Acceso usuarios
Rachel R. Jin, Li Liang, Horace Tong, Menglu Chen, Tatia M. C. Lee
Background Stress promotes affective, neural, endocrine, and immune responses. The glymphatic system, essential for waste clearance and immune homeostasis, protects the brain against adverse neurobiological changes. However, it remains unclear how the glymphatic system changes during acute stress, coordinates with multi-level stress responses, and relates to psychological resilience in humans.
Methods We recruited 84 healthy middle-aged adults (mean age 29.26 ± 2.91, 50 males) without major physical, neurological, or psychological conditions. Glymphatic system function was assessed via the coupling between global blood-oxygen-level-dependent and cerebrospinal fluid signals (gBOLD-CSF coupling) before, immediately after, and 60 min after the Montreal Imaging Stress Task. Mood states, neural responses (BOLD signal changes), acute and awakening cortisol responses, and psychological resilience (Connor-Davidson Resilience Scale) were measured.
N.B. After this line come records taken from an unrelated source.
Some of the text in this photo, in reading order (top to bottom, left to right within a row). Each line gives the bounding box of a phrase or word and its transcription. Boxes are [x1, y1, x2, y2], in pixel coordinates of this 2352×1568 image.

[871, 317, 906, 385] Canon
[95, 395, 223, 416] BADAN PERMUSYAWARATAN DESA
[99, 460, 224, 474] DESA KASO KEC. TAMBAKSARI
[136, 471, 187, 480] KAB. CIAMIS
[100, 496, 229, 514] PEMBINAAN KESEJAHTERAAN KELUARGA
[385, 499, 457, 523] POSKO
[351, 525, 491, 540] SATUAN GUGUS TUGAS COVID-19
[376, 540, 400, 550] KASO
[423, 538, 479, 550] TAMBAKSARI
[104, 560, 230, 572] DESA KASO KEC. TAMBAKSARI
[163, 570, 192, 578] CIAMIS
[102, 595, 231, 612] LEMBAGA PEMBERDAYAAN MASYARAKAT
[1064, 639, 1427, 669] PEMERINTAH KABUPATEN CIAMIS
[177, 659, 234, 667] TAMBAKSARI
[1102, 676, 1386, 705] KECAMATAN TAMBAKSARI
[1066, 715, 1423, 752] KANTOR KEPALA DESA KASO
We compared gBOLD-CSF coupling changes over time using repeated-measures ANOVA, and investigated their associations with affective, neural, endocrine responses, and resilience with linear models and network analysis.
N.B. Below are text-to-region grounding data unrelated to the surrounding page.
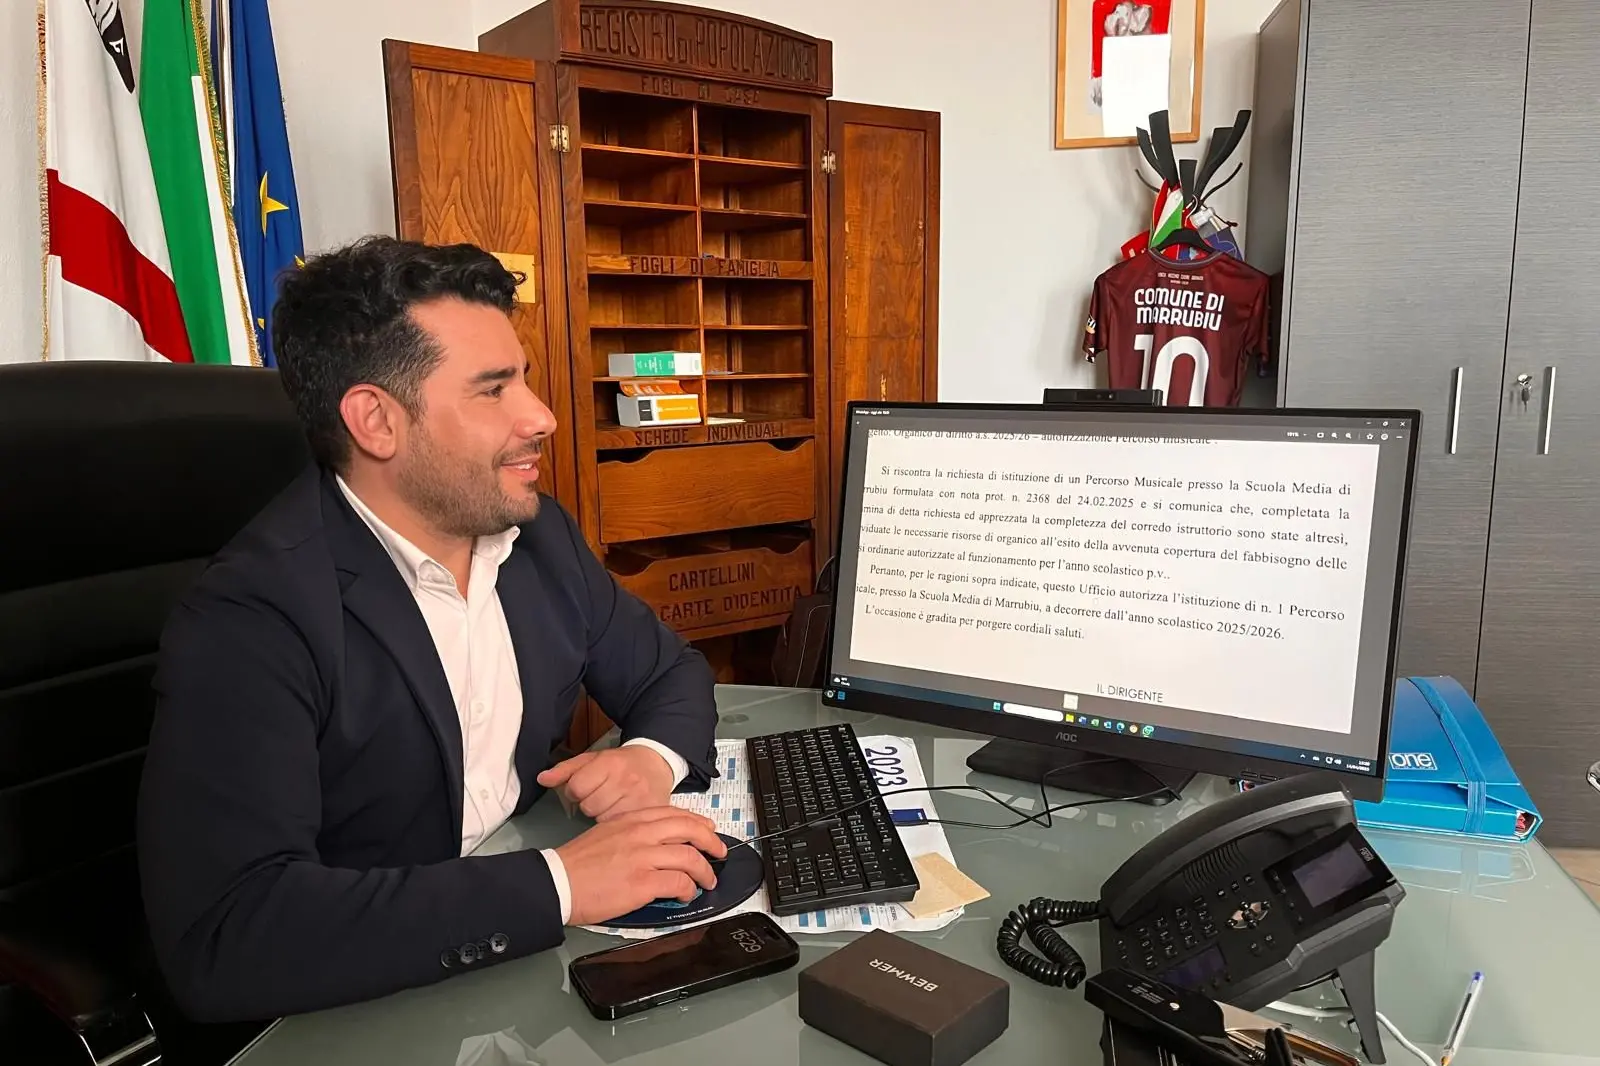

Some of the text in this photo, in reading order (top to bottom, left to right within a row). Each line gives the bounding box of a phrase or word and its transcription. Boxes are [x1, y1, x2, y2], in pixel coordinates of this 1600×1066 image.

[580, 8, 676, 62] REGISTRO
[696, 18, 816, 82] POPOLAZIONE
[630, 256, 780, 277] FOGLI DI FAMIGLIA
[1135, 288, 1224, 312] COMUNE DI
[1136, 307, 1222, 331] MARRUBIU
[1134, 334, 1209, 406] 10
[635, 424, 784, 445] SCHEDE INDIVIDUALI
[881, 465, 1350, 496] Si riscontra la richiesta di istituzione di un Percorso Musicale presso la Scuola Media di
[893, 486, 934, 497] formulata
[938, 490, 955, 499] con
[960, 491, 980, 500] nota
[984, 493, 1005, 503] prot.
[1012, 494, 1020, 502] n.
[1026, 493, 1050, 504] 2368
[1056, 494, 1071, 505] del
[1077, 495, 1134, 508] 24.02.2025
[1153, 499, 1162, 510] si
[1168, 501, 1222, 513] comunica
[1230, 503, 1254, 516] che,
[1261, 506, 1330, 520] completata
[1339, 508, 1350, 520] la
[886, 505, 895, 515] di
[898, 506, 920, 517] detta
[923, 508, 960, 520] richiesta
[964, 510, 975, 520] ed
[978, 514, 1028, 524] apprezzata
[1032, 514, 1040, 524] la
[1044, 516, 1106, 529] completezza
[1110, 519, 1127, 530] del
[1131, 522, 1172, 533] corredo
[1176, 522, 1232, 537] istruttorio
[1236, 530, 1265, 540] sono
[1270, 531, 1299, 542] state
[867, 544, 904, 556] ordinarie
[906, 549, 955, 560] autorizzate
[956, 550, 966, 561] al
[968, 551, 1036, 567] funzionamento
[1039, 560, 1056, 571] per
[1092, 562, 1144, 577] scolastico
[893, 525, 902, 536] le
[904, 528, 948, 539] necessarie
[951, 530, 982, 541] risorse
[984, 532, 994, 542] di
[996, 534, 1038, 546] organico
[1083, 539, 1108, 550] della
[1112, 543, 1159, 554] avvenuta
[1163, 547, 1216, 559] copertura
[1220, 549, 1238, 561] del
[1243, 550, 1310, 569] fabbisogno
[1315, 556, 1347, 570] delle
[669, 562, 756, 592] CARTELLINI
[869, 564, 906, 578] Pertanto,
[909, 570, 924, 581] per
[926, 569, 935, 580] le
[937, 572, 968, 584] ragioni
[972, 576, 996, 587] sopra
[999, 576, 1039, 591] indicate,
[1042, 582, 1076, 594] questo
[1079, 584, 1116, 597] Ufficio
[1119, 590, 1168, 602] autorizza
[1244, 600, 1256, 612] di
[1261, 604, 1272, 614] n.
[1278, 603, 1282, 615] 1
[1289, 604, 1344, 621] Percorso
[660, 598, 714, 622] CARTE
[879, 588, 906, 598] presso
[908, 588, 917, 599] la
[919, 589, 949, 602] Scuola
[951, 592, 980, 605] Media
[982, 596, 992, 607] di
[994, 597, 1042, 613] Marrubiu,
[1045, 604, 1051, 613] a
[1053, 603, 1102, 618] decorrere
[1157, 616, 1213, 631] scolastico
[1216, 621, 1284, 640] 2025/2026.
[925, 612, 956, 624] gradita
[958, 617, 974, 627] per
[976, 619, 1012, 631] porgere
[1014, 622, 1052, 635] cordiali
[1054, 626, 1084, 639] saluti.
[1097, 683, 1163, 703] IL DIRIGENTE
[1055, 732, 1078, 743] AOC
[865, 746, 908, 786] 2023
[1391, 754, 1432, 767] one
[730, 929, 762, 952] 15:29
[869, 959, 938, 992] BEWMER
Results gBOLD-CSF coupling was stronger at baseline and after recovery compared to immediately after stress. Changes in gBOLD-CSF coupling were associated with stress-related negative affect and prefrontal neural response. The cortisol response to acute stress was related to gBOLD-CSF coupling response to stress, depending on the level of the cortisol awakening response. The glymphatic system emerged as a central mediator of multi-organ stress response. Finally, post- to pre-stress changes in gBOLD-CSF coupling were associated with psychological resilience.
Conclusions The glymphatic system transiently fluctuates during acute stress, synergizing with affective, neural, and endocrine networks, playing significant roles in stress response and psychological resilience.